MATERIAL FOR THIS EXERCISE:
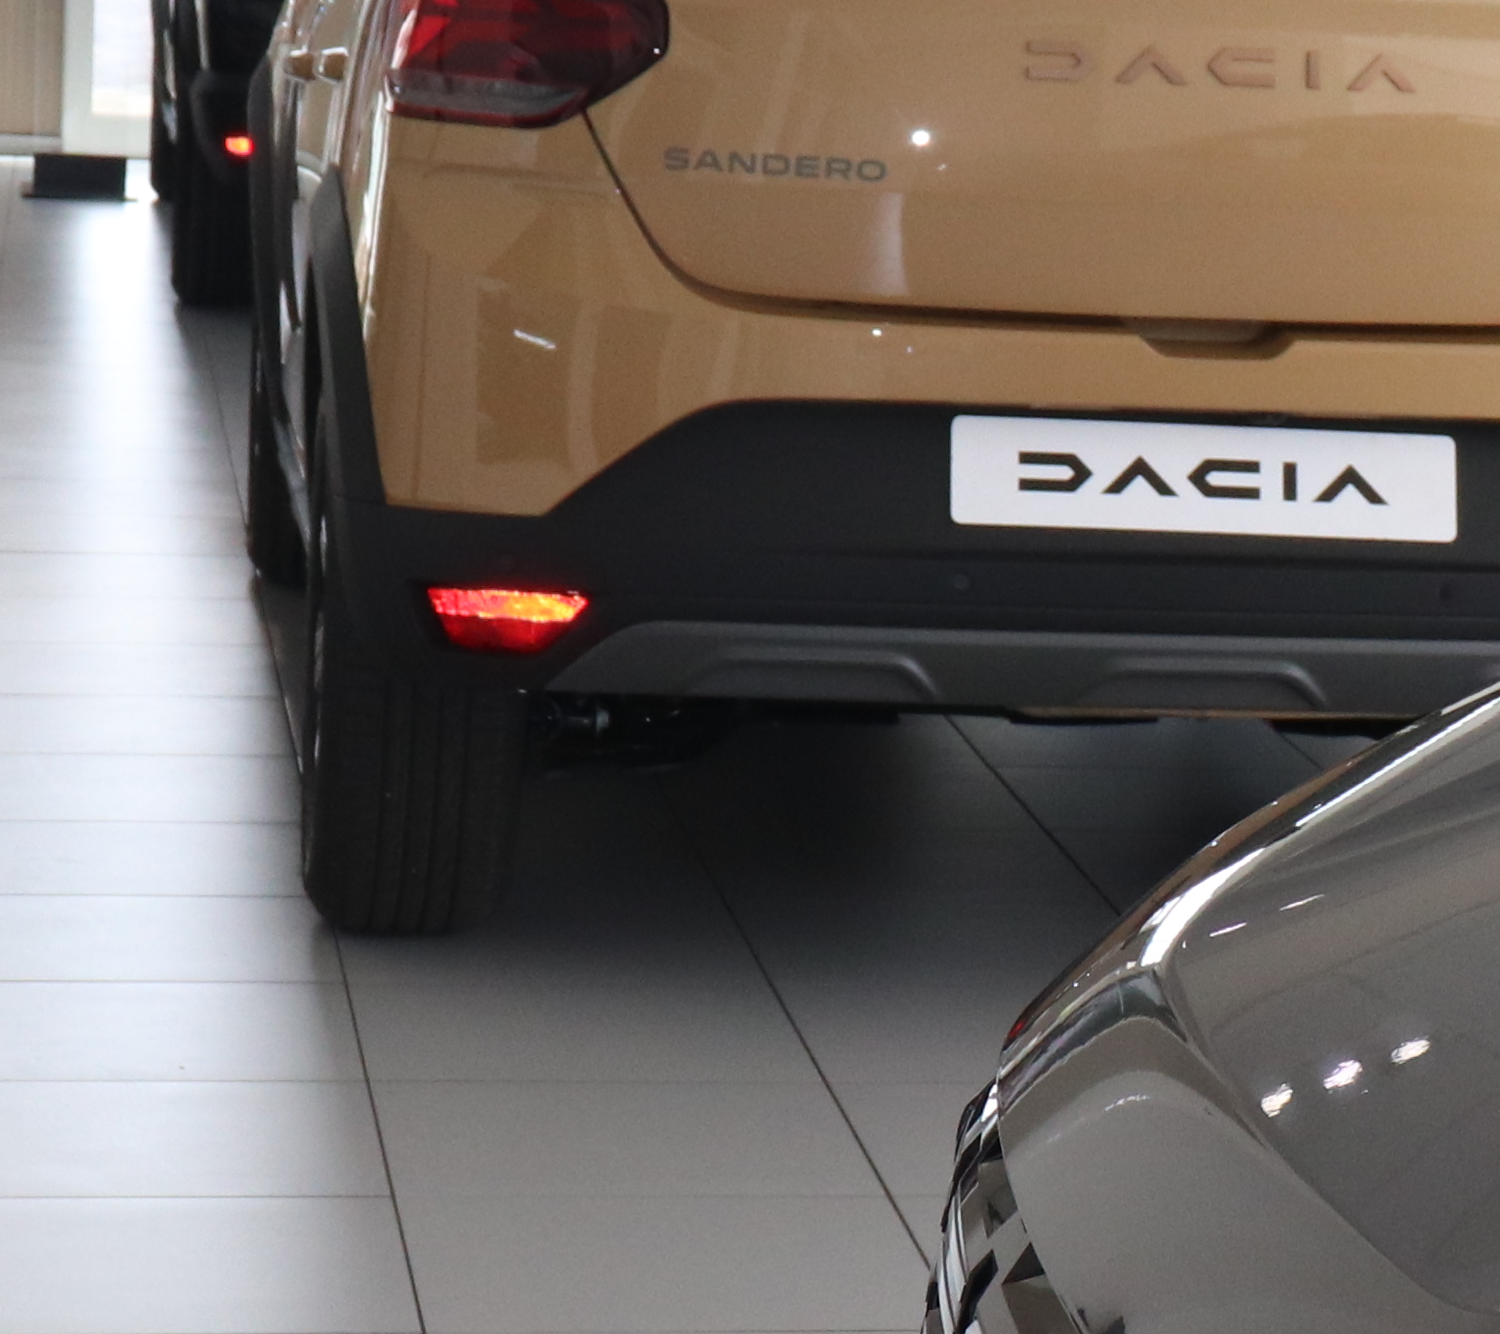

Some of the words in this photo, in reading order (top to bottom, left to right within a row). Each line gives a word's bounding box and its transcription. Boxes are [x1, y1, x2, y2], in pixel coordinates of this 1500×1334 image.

[1025, 41, 1416, 93] DACIA
[664, 146, 887, 183] SANDERO
[1017, 450, 1389, 506] DACIA
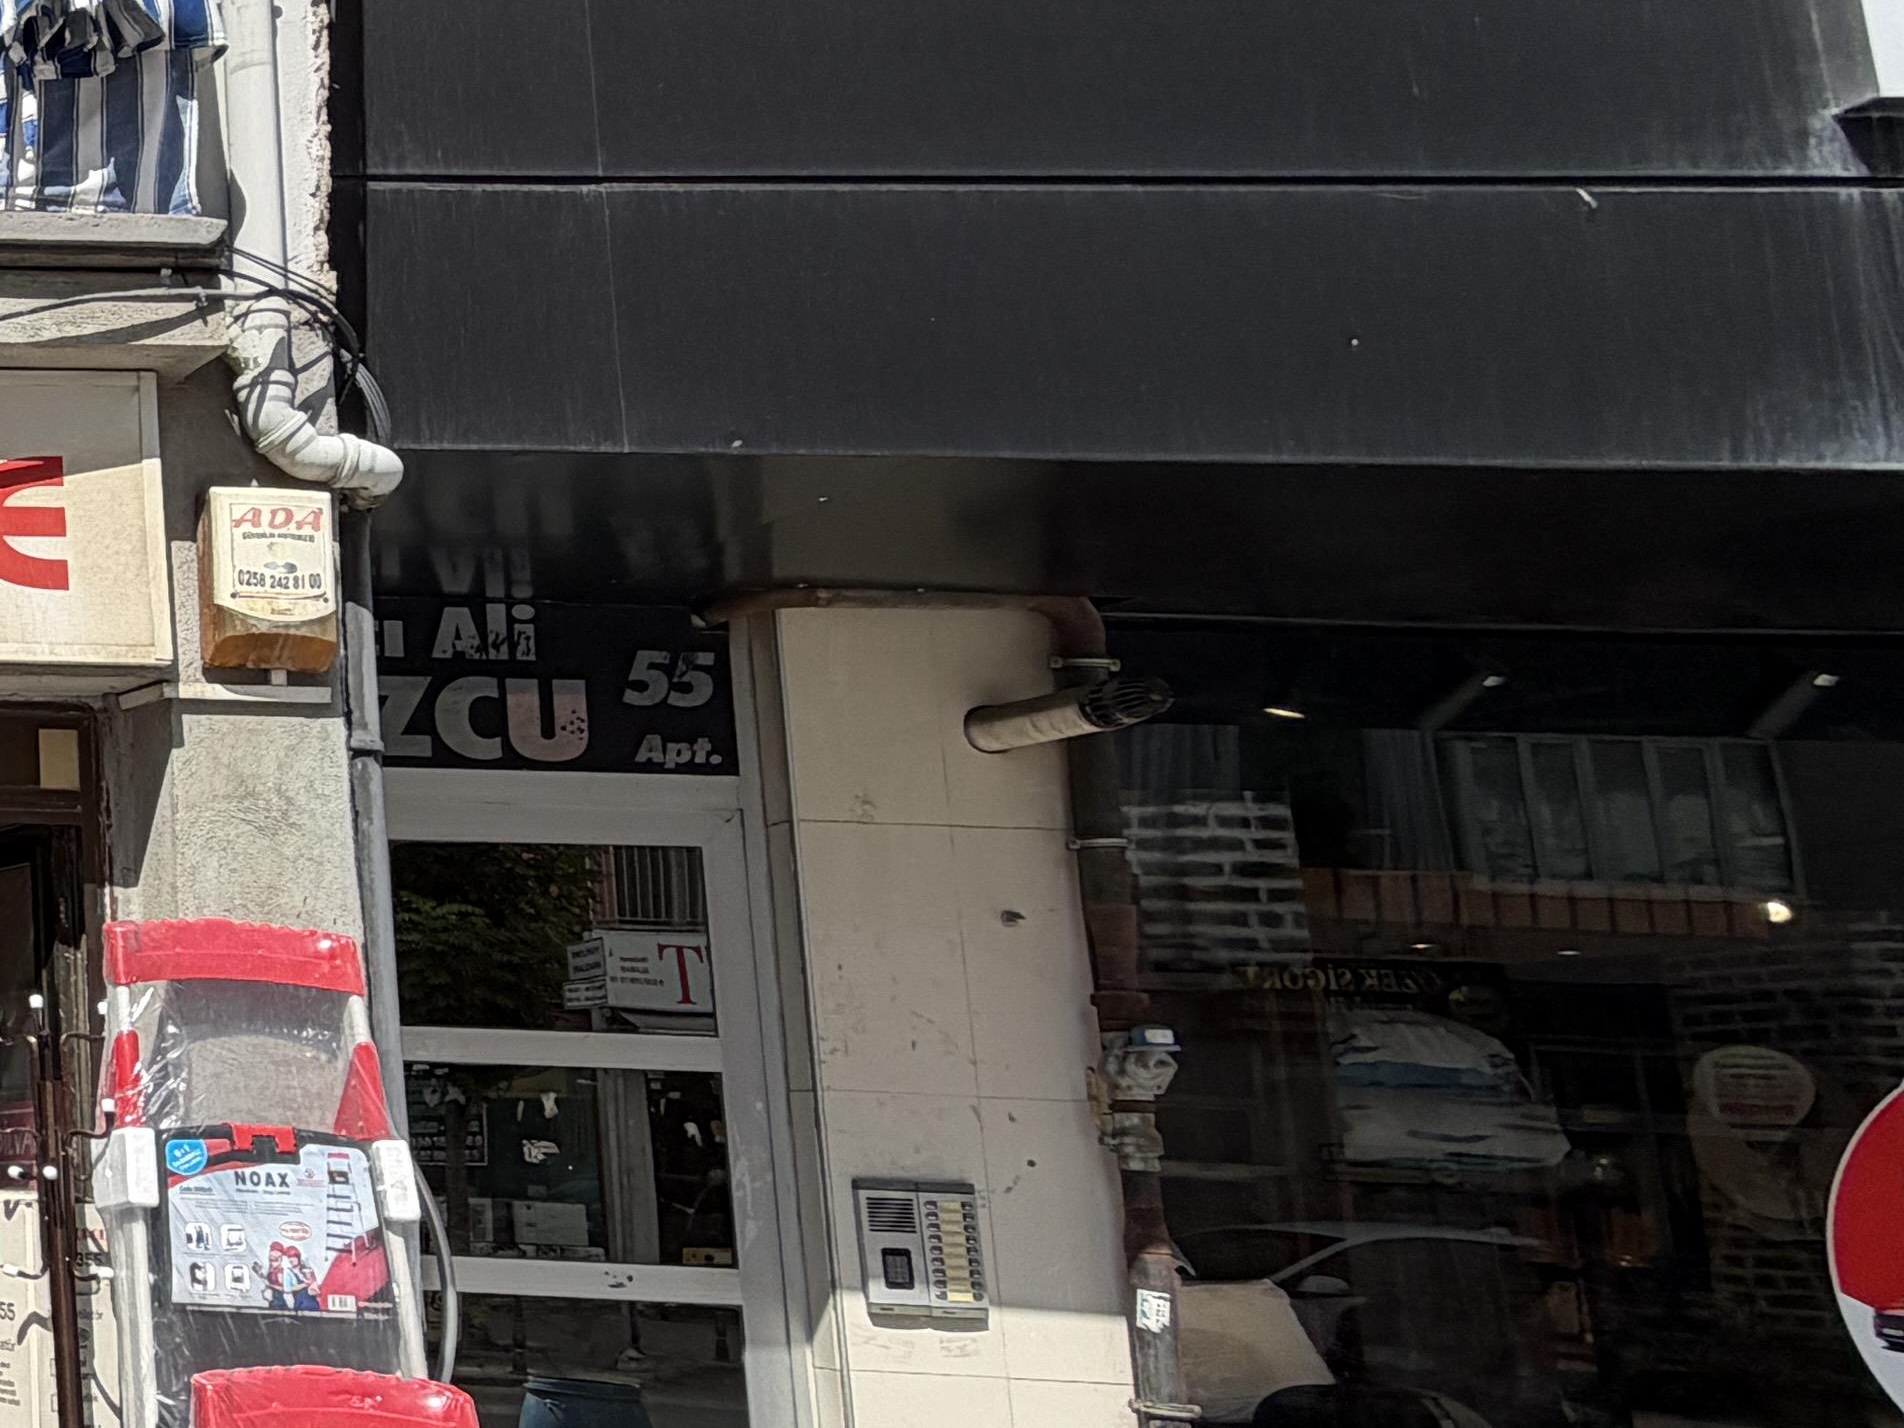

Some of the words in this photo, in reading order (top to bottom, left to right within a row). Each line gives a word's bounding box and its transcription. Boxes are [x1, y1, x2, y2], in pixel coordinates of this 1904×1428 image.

[231, 506, 324, 532] ADA
[237, 569, 266, 587] 0258
[269, 575, 290, 589] 242
[292, 574, 305, 590] 81
[431, 604, 537, 662] Ali
[622, 650, 715, 708] 55
[383, 675, 590, 762] ZCU
[634, 734, 722, 769] Apt.
[234, 1169, 291, 1189] NOAX

TASK BRIEF: What this calls for is a word-for-word copy of the listing above, pictures excluded.

WRITTEN SOLUTION:
Some of the words in this photo, in reading order (top to bottom, left to right within a row). Each line gives a word's bounding box and its transcription. Boxes are [x1, y1, x2, y2], in pixel coordinates of this 1500×1334 image.

[1025, 41, 1416, 93] DACIA
[664, 146, 887, 183] SANDERO
[1017, 450, 1389, 506] DACIA

Some of the words in this photo, in reading order (top to bottom, left to right within a row). Each line gives a word's bounding box and its transcription. Boxes are [x1, y1, x2, y2], in pixel coordinates of this 1904×1428 image.

[231, 506, 324, 532] ADA
[237, 569, 266, 587] 0258
[269, 575, 290, 589] 242
[292, 574, 305, 590] 81
[431, 604, 537, 662] Ali
[622, 650, 715, 708] 55
[383, 675, 590, 762] ZCU
[634, 734, 722, 769] Apt.
[234, 1169, 291, 1189] NOAX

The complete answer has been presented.